Wohnungsnot: Nicht einmal Tourismus-Chefin der Lenk findet Wohnung
Der Mangel an bezahlbarem Wohnraum in Tourismusregionen spitzt sich zu – und wirkt sich inzwischen direkt auf den Arbeitsmarkt aus.

Das Wichtigste in Kürze
- In vielen Schweizer Berggemeinden herrscht akute Wohnungsnot.
- Saisonangestellte und junge Familien haben es besonders schwer.
- Der Wohnungsmangel verschärft den Fachkräftemangel in Tourismusregionen.
Die Wohnungsnot in den Schweizer Bergen ist inzwischen so gravierend, dass selbst eine Tourismusdirektorin betroffen ist: Helena Galanakis, die im Sommer 2024 ihre Stelle bei Lenk-Simmental Tourismus antrat, fand trotz intensiver Suche keine feste Wohnung.
Zunächst lebte sie in einem Hotel, dann in einer Airbnb-Wohnung, nun in einem befristeten Studio – mit ungewisser Zukunft. Dies berichtet der «Tagesanzeiger».

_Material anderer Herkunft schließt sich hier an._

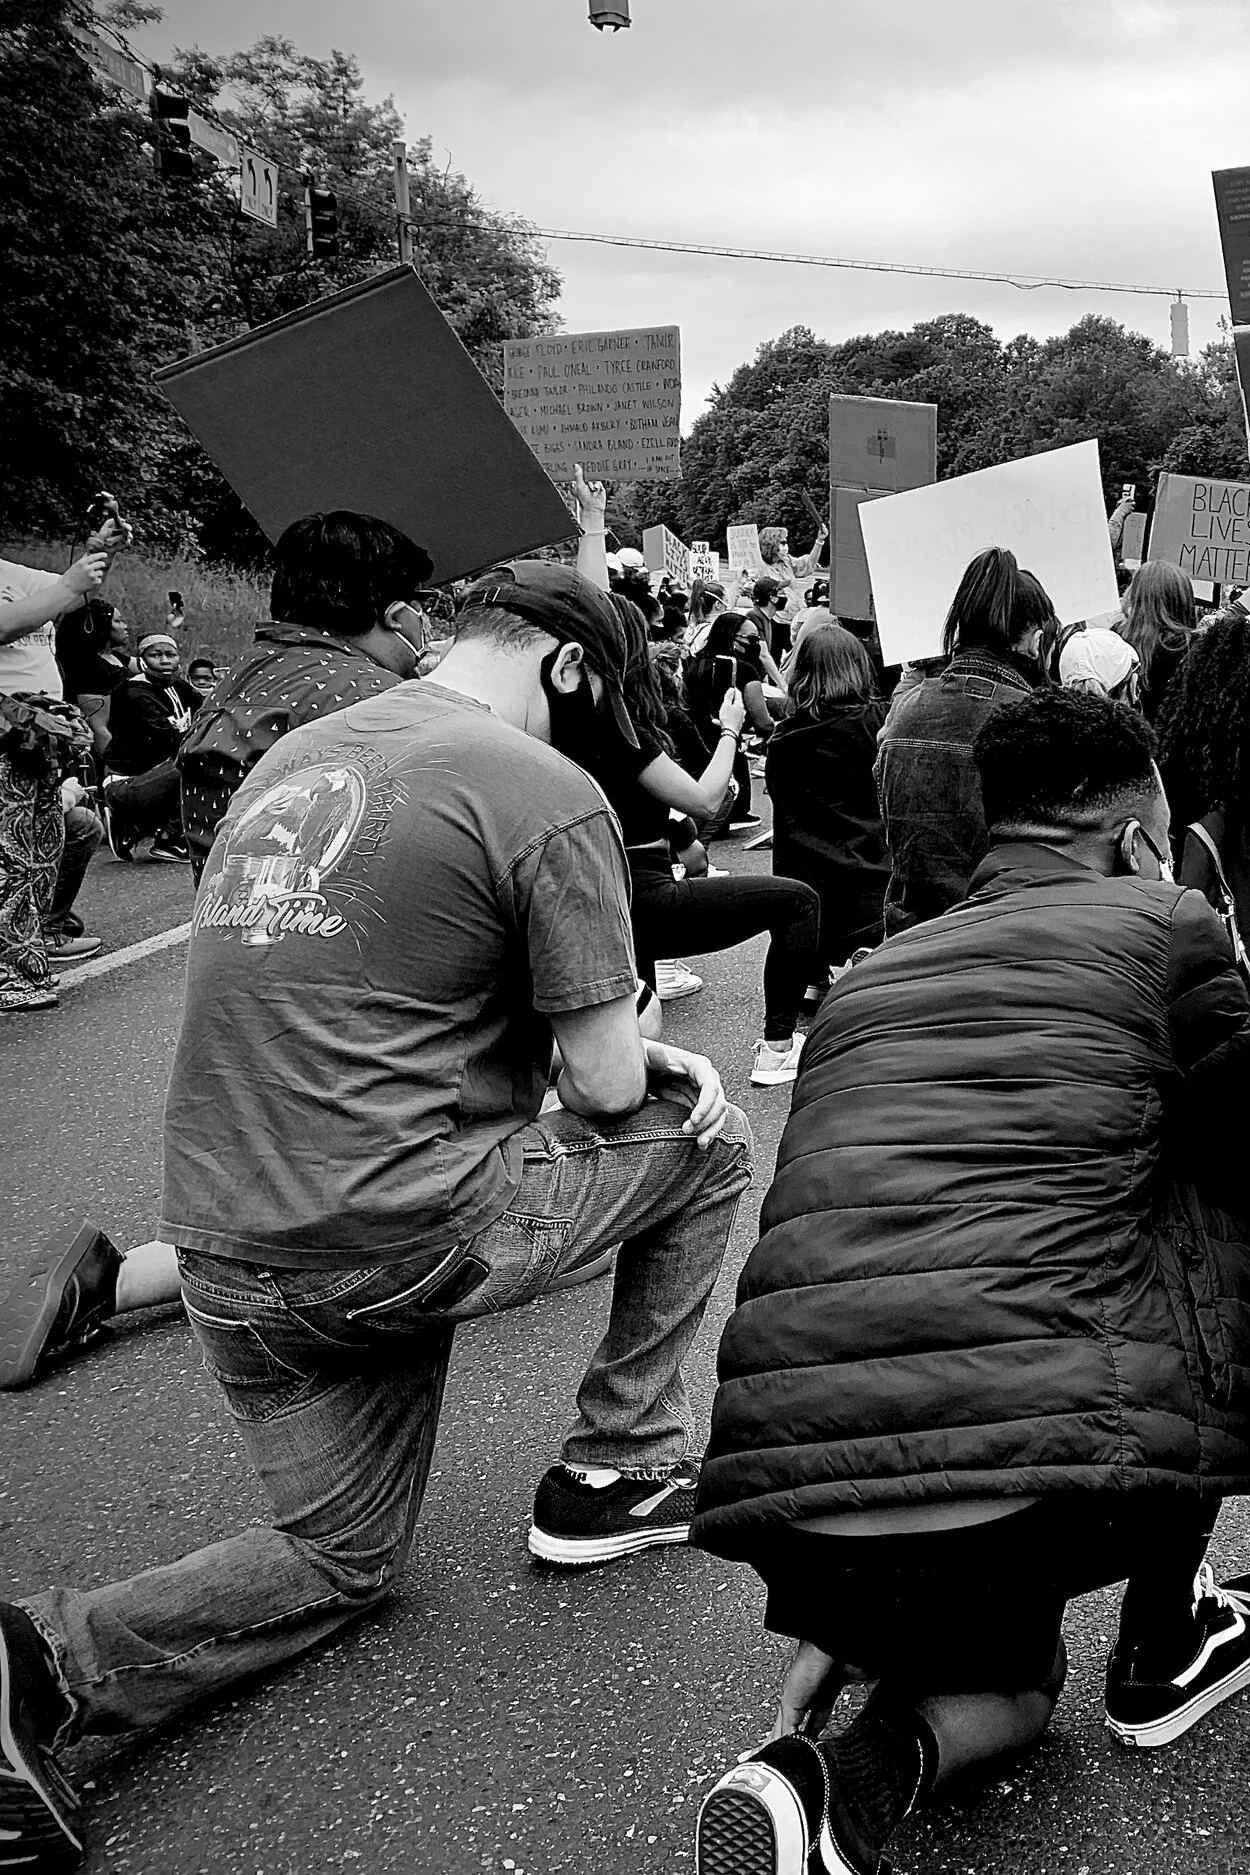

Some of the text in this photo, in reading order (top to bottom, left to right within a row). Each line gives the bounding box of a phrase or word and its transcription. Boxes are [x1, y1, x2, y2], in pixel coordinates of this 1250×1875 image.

Leerwohnungsquote in Tourismusorten bei unter 0,5 Prozent
Diese Situation ist kein Einzelfall: Laut Bundesrat sind Tourismusgemeinden heute ähnlich stark vom Wohnungsmangel betroffen wie grosse Städte. Die Leerwohnungsziffer liegt in vielen Berggemeinden bei unter 0,5 Prozent – ähnlich wie in Zürich oder Bern.
Schweizweit liegt der Durchschnitt bei 1,1 Prozent. Besonders dramatisch ist der Rückgang in Tourismusregionen: Seit 2018 hat sich die durchschnittliche Leerstandsquote dort von knapp 2 auf 0,8 Prozent mehr als halbiert.
Der Wohnungsmangel verschärft den Fachkräftemangel in Tourismusregionen.
Thomas Egger, Direktor der Schweizerischen Arbeitsgemeinschaft für die Berggebiete (SAB), spricht von einer «dramatischen Entwicklung». Einheimische und junge Familien fänden kaum noch bezahlbaren Wohnraum und müssten oft wegziehen.
Saisonangestellte treffe es besonders hart, da sie meist nur kurzzeitig arbeiten, wenig verdienen und kaum über Beziehungen verfügen.
Der Wohnungsmangel hat auch Auswirkungen auf den Arbeitsmarkt. In Bewerbungsgesprächen sei die Frage nach Wohnraum wichtiger als jene nach dem Lohn, sagt Egger.
Auch Galanakis bestätigt das aus ihrer Arbeit. Ohne Wohnraum fehlen Servicekräfte, Skilehrer und Bahnpersonal – was zu einem spürbaren Fachkräftemangel führt.
Gemeinden starten erste Gegenmassnahmen
Als Gegenmassnahme empfehlen Egger und andere Experten kommunale Wohnstrategien.
Einige Gemeinden und Betriebe gehen bereits neue Wege: In Grimentz-Zinal wurden leerstehende Wohnungen durch Flyer-Aktionen gesucht und saniert, um Personalwohnungen zu schaffen.
In Zermatt müssen Hotels bei Neubauten künftig auch Unterkünfte für Angestellte einplanen.
Ein Grund für die verschärfte Wohnungsnot ist der Trend, nach der Pandemie dauerhaft in den Bergen zu wohnen. Oft im Homeoffice.
Hinzu kommt die Umwandlung von Erst- in Zweitwohnungen, die lukrativer sind. Auch Airbnb-Angebote tragen zur Verknappung bei, weshalb einige Gemeinden solche Vermietungen einschränken.
Der gemeinnützige Wohnungsbau spielt in den Bergen bisher kaum eine Rolle – das könnte sich aber ändern.
Graubünden plant ab 2026 Förderungen für Wohnbaugenossenschaften.
Ein Beispiel ist die «Cooperativa Lagrev» in Sils im Engadin: Dort entsteht mit Unterstützung der Gemeinde und durch Investitionen auch von Zweitwohnungsbesitzern günstiger Wohnraum für Einheimische.
Das Ziel: Das Dorf soll lebendig bleiben – mit Bäcker, Ärztin und Laden. Doch auch hier gibt es Widerstand – vor allem durch Einsprachen anderer Zweitwohnungsbesitzer.